The 2004 enlargement of the European Union (EU) with ten countries from Central and Eastern Europe and the Mediterranean basin (the Czech Republic, Estonia, Hungary, Latvia, Lithuania, Poland, Slovakia, Slovenia, Malta and Cyprus ), followed by the 2007 accession of two Eastern Europe countries (Romania and Bulgaria), and recently, in July 2013, of a Western Balkan country, Croatia, has been seen as a natural evolution of the political process on the “old continent”, bringing an end to the territorial divisions inherited from World War II and a start to a new zone of peace, stability and economic prosperity. Future enlargement with the candidate countries Iceland, Macedonia, Montenegro, Serbia and Turkey is aimed to advance progress towards these goals. New assets, such a population of more than 500 million and the largest internal market in the world, have been expected to bring the enlarged Union significant economic, legal, environmental, cultural and social benefits, in addition to a stronger role in global governance affairs.

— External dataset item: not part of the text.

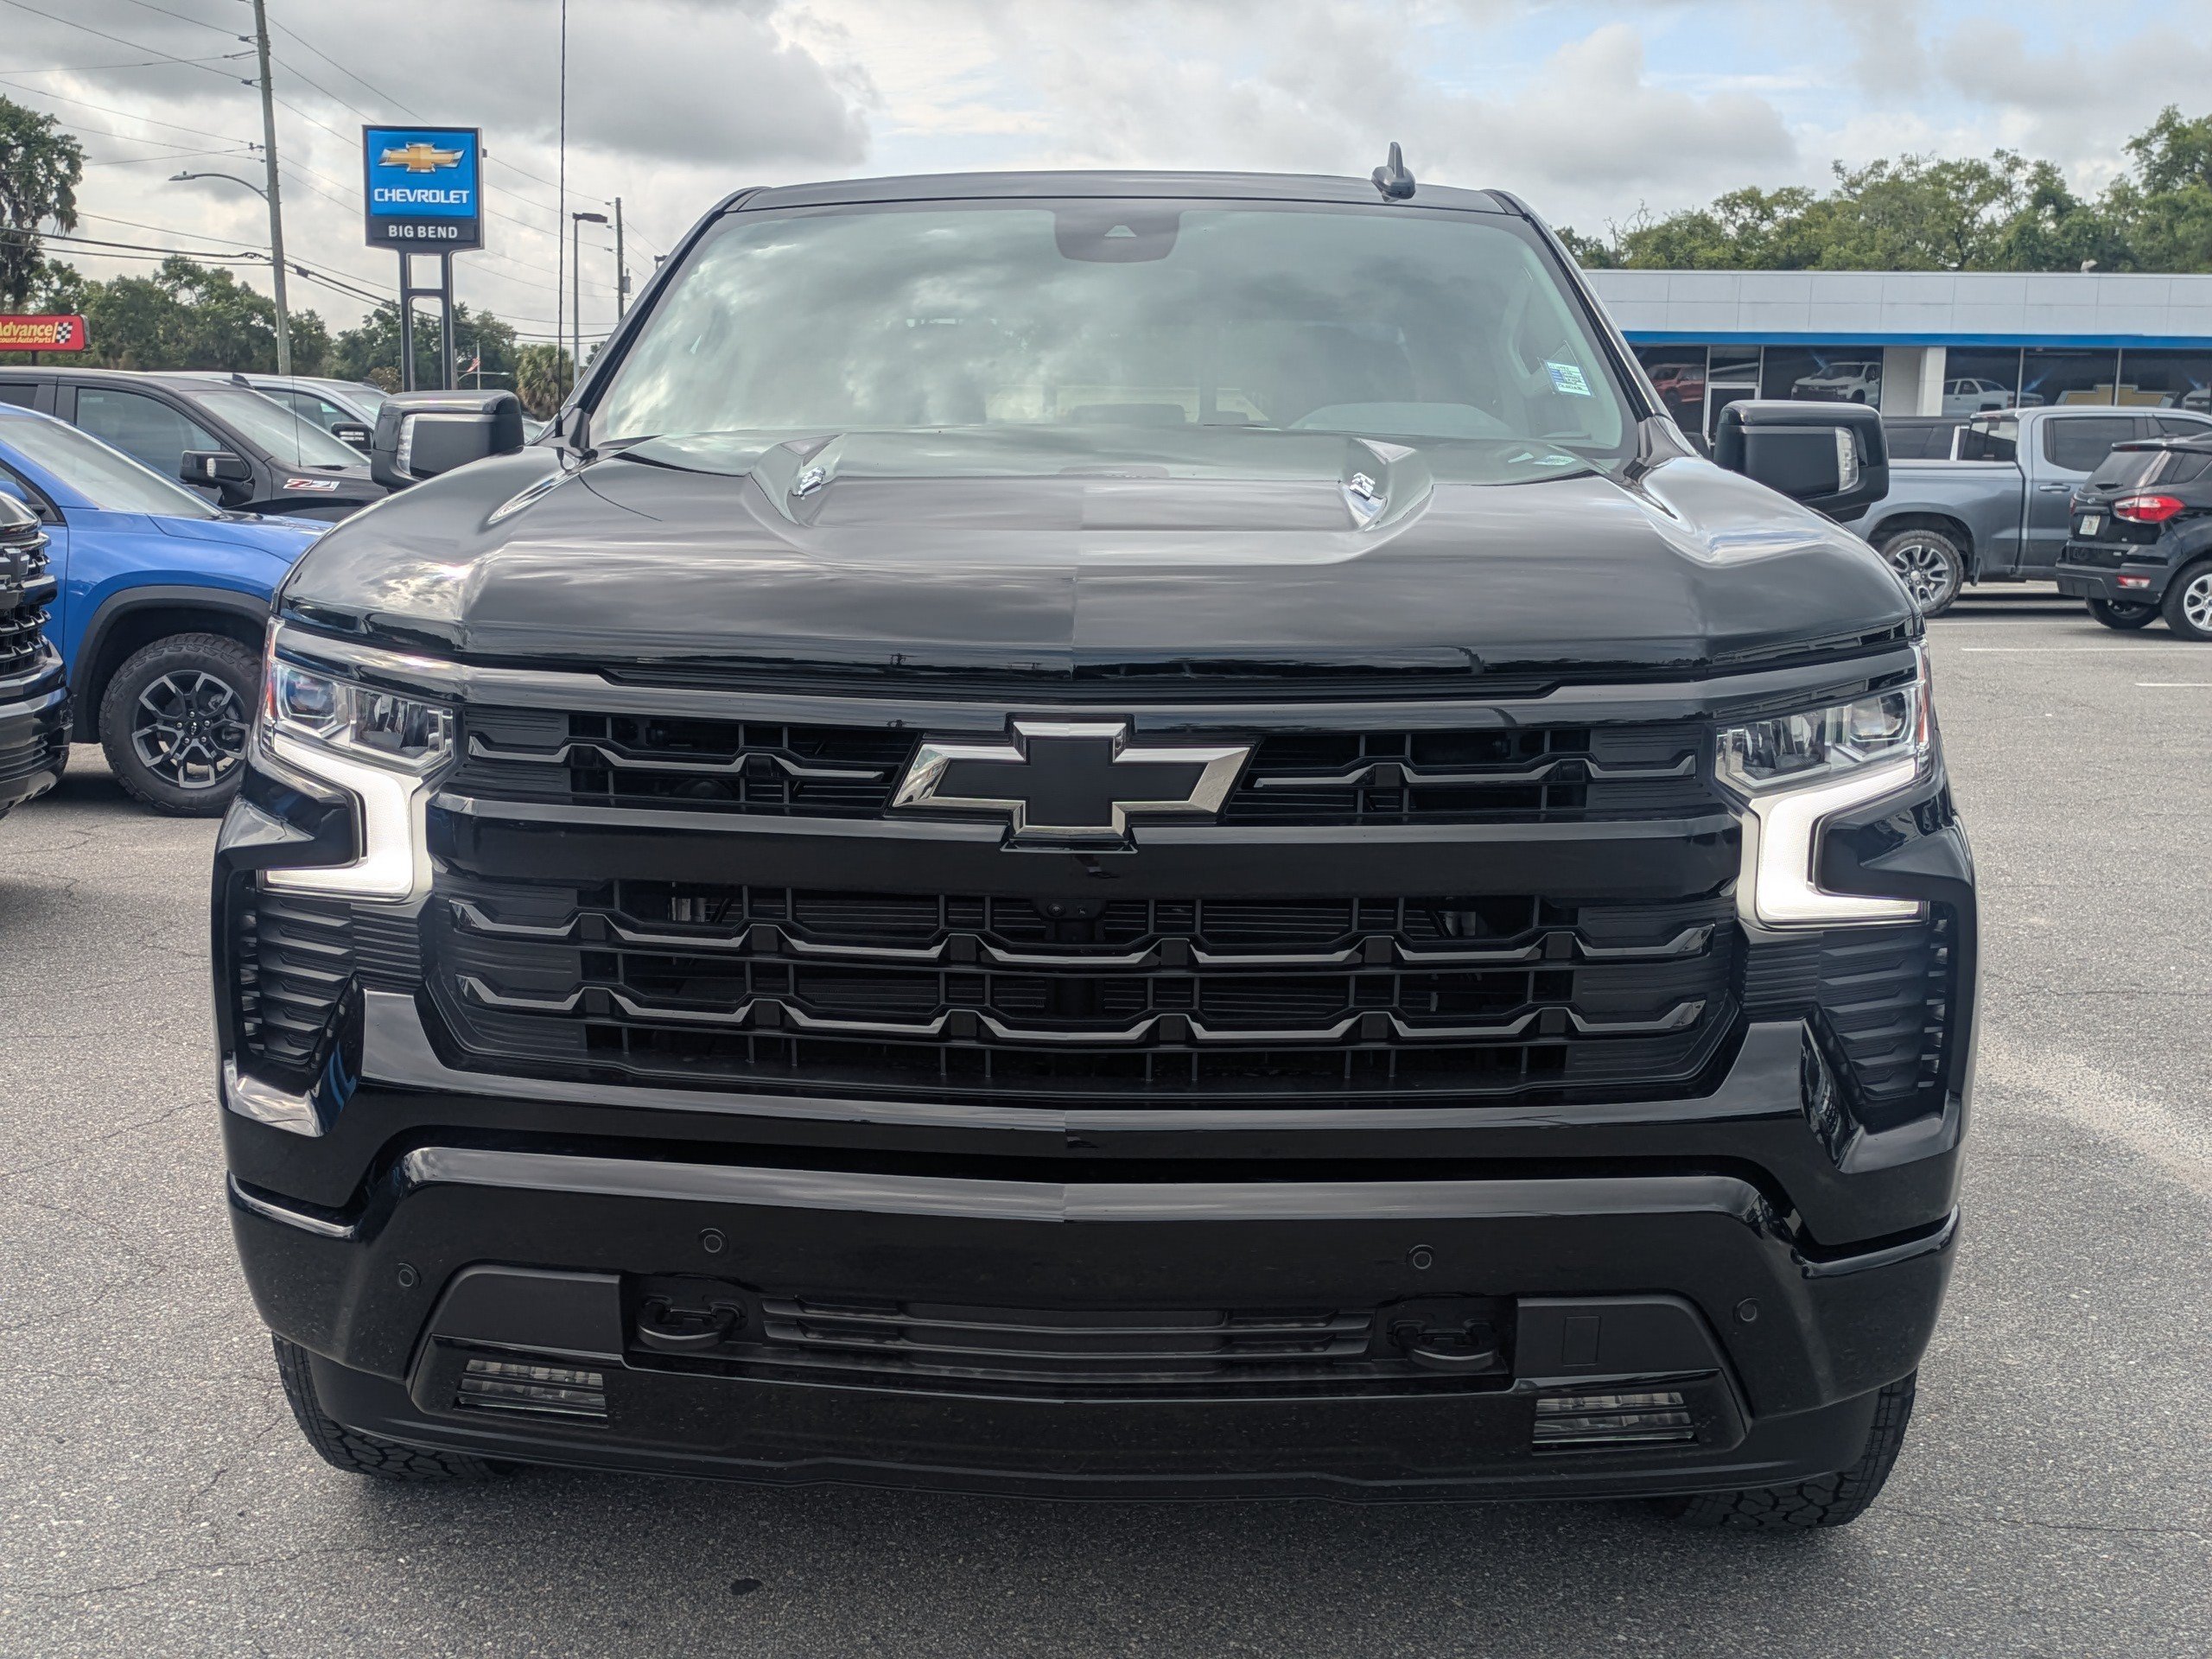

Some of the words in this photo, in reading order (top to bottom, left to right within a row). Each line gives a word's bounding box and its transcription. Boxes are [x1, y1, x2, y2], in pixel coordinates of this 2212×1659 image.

[373, 188, 469, 204] CHEVROLET
[388, 225, 414, 238] BIG
[417, 226, 458, 238] BEND
[0, 321, 54, 336] dvance

In order to narrow the disparities between the ‘old’ and the ‘new’ Member States, a comprehensive process of EU integration has been put in place, at two key levels: (i) a political one, encompassing all the legislation, policies and programmes associated with the accession, and (ii) an economic one, driven mainly by foreign direct investment (FDI) and Structural Funds. Economic, trade, investment and labour mobility obstacles, in addition to legacies of a planned economy system, had to be (and still need to be) overcome to reduce the gap between the ‘new’ EU-10 and the ‘old’ EU-15. Today, years after the official accession to the EU, the “transition” is still ongoing on many fronts in the new Member States. Both the political and the economic integration are complex processes, far from straightforward and effortless, requiring political will, pragmatism and long-term visionary thinking in both European and national institutions. Adding to the already existing complexity, the global crisis has had profound consequences on the EU economy and made it clear that a more integrated economic union cannot be achieved without a deeper reform of economic policies, as well as political and governance structures.

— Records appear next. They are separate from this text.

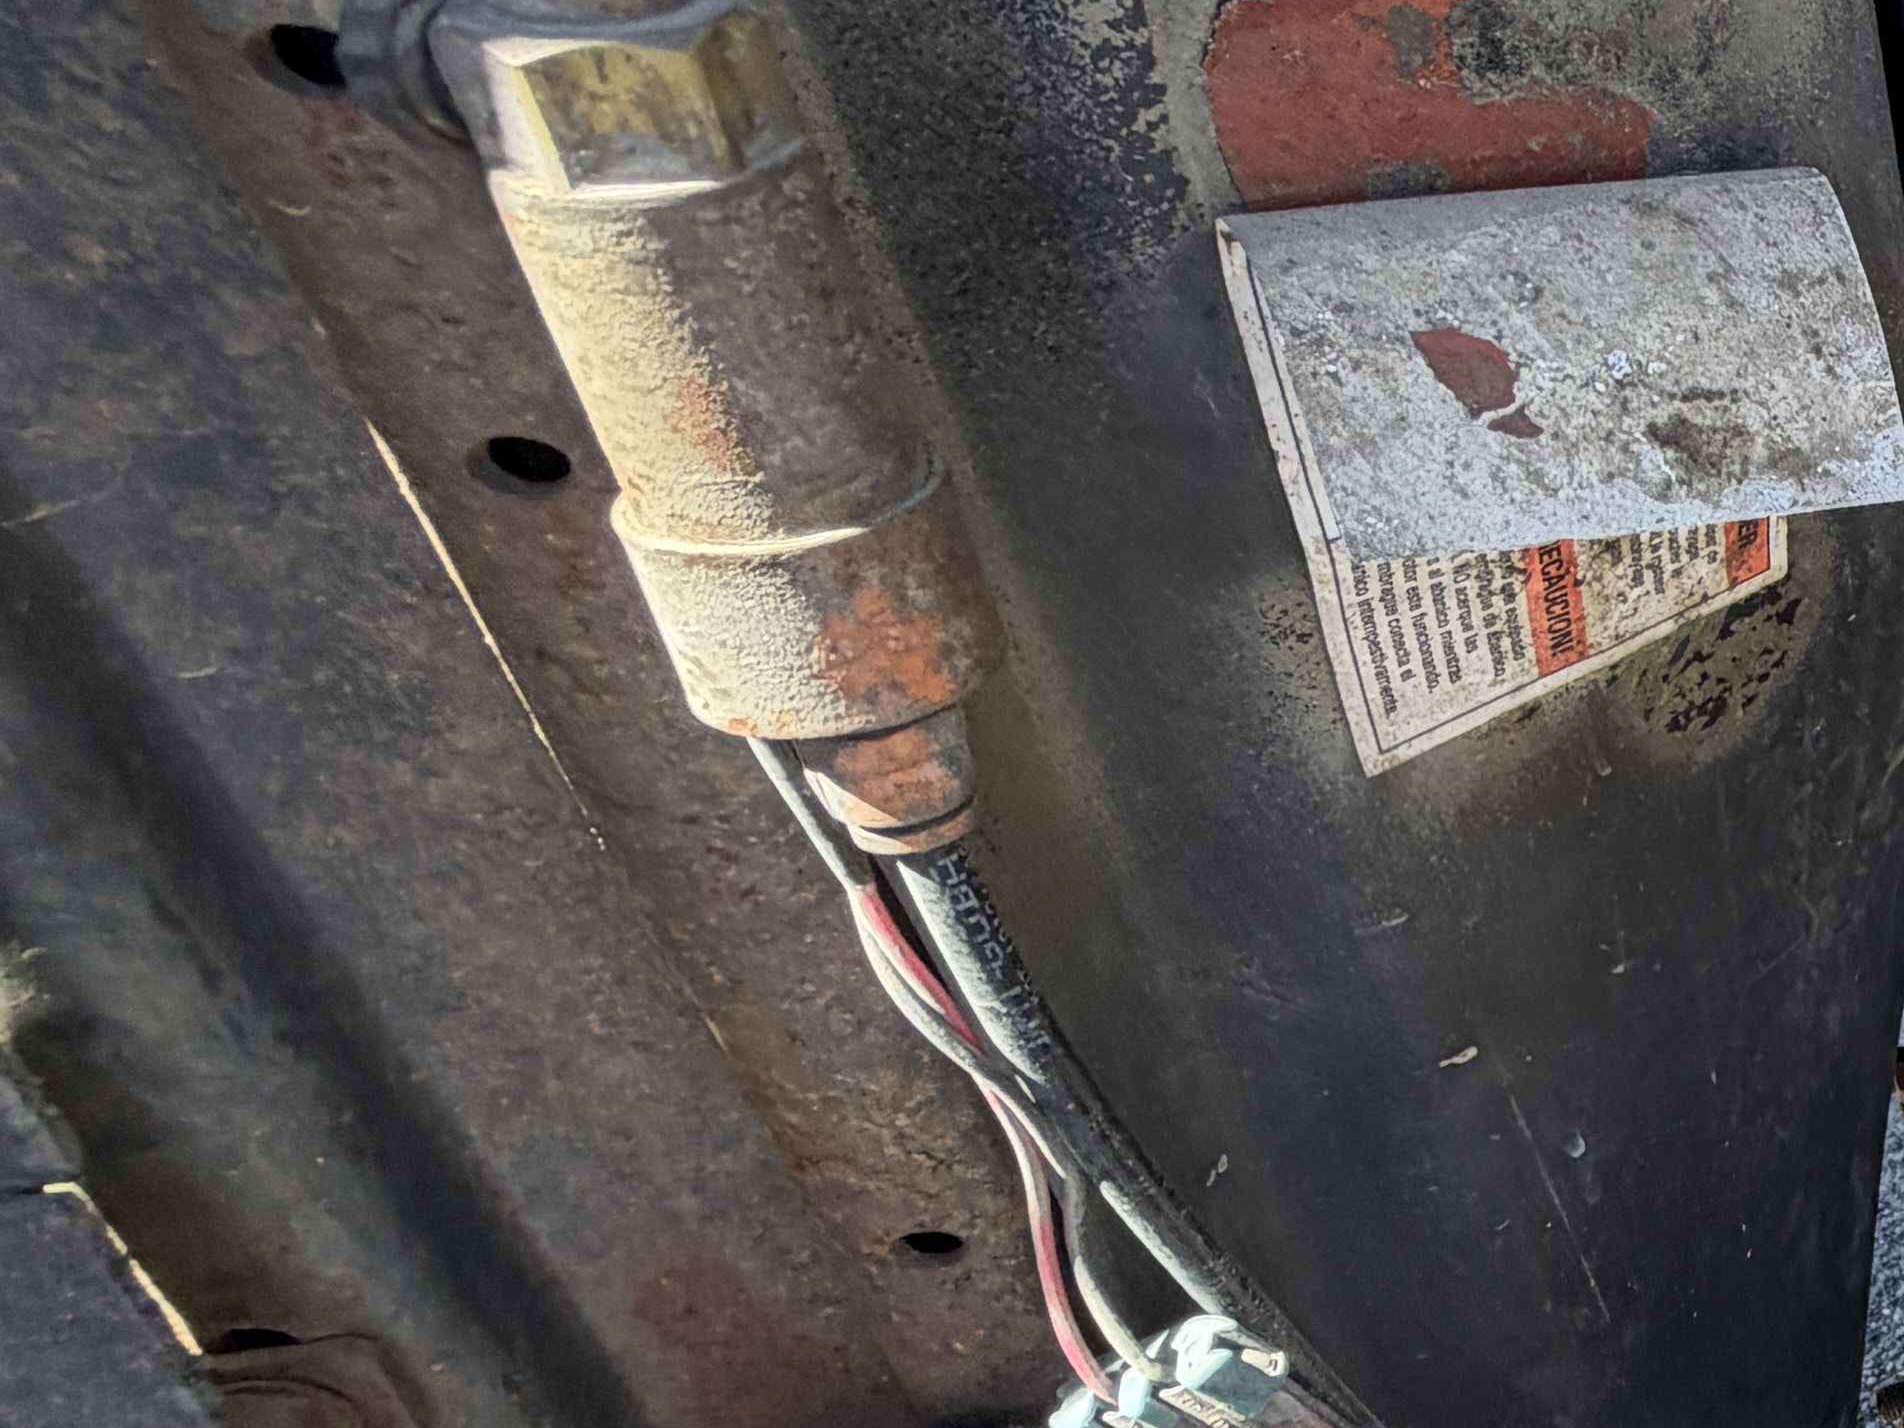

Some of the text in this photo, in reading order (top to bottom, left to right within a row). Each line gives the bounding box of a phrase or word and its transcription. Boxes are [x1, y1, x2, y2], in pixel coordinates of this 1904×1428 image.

[1373, 562, 1416, 683] mbrague conecta el
[1406, 585, 1423, 611] este
[1428, 568, 1463, 685] al abanico mientras
[1452, 586, 1474, 632] acerque
[1464, 633, 1480, 653] las
[1356, 597, 1398, 718] intempestivamente.
[1411, 612, 1442, 694] funcionando.

The innovation field, in the entirety of its policies, programmes, institutions and actors across the EU, is part and parcel of the economic policies and governance structures that need a significant rethinking in order to boost economic growth. A cursory analysis of the Innovation Union Scoreboard 2013 shows that although innovation performance in the EU has improved year on year in spite of the continuing economic crisis, the innovation divide between Member States is widening. Some new Member States, like Estonia, Lithuania and Latvia recorded the strongest improvements over the 2008-2013 period, with Estonia being the unquestionable innovation growth leader (7.1%), while Poland and Bulgaria had the lowest positive innovation growth rates (0.4% and 0.6%, respectively), and Cyprus saw its innovation performance decline at an average annual rate of 0.7%.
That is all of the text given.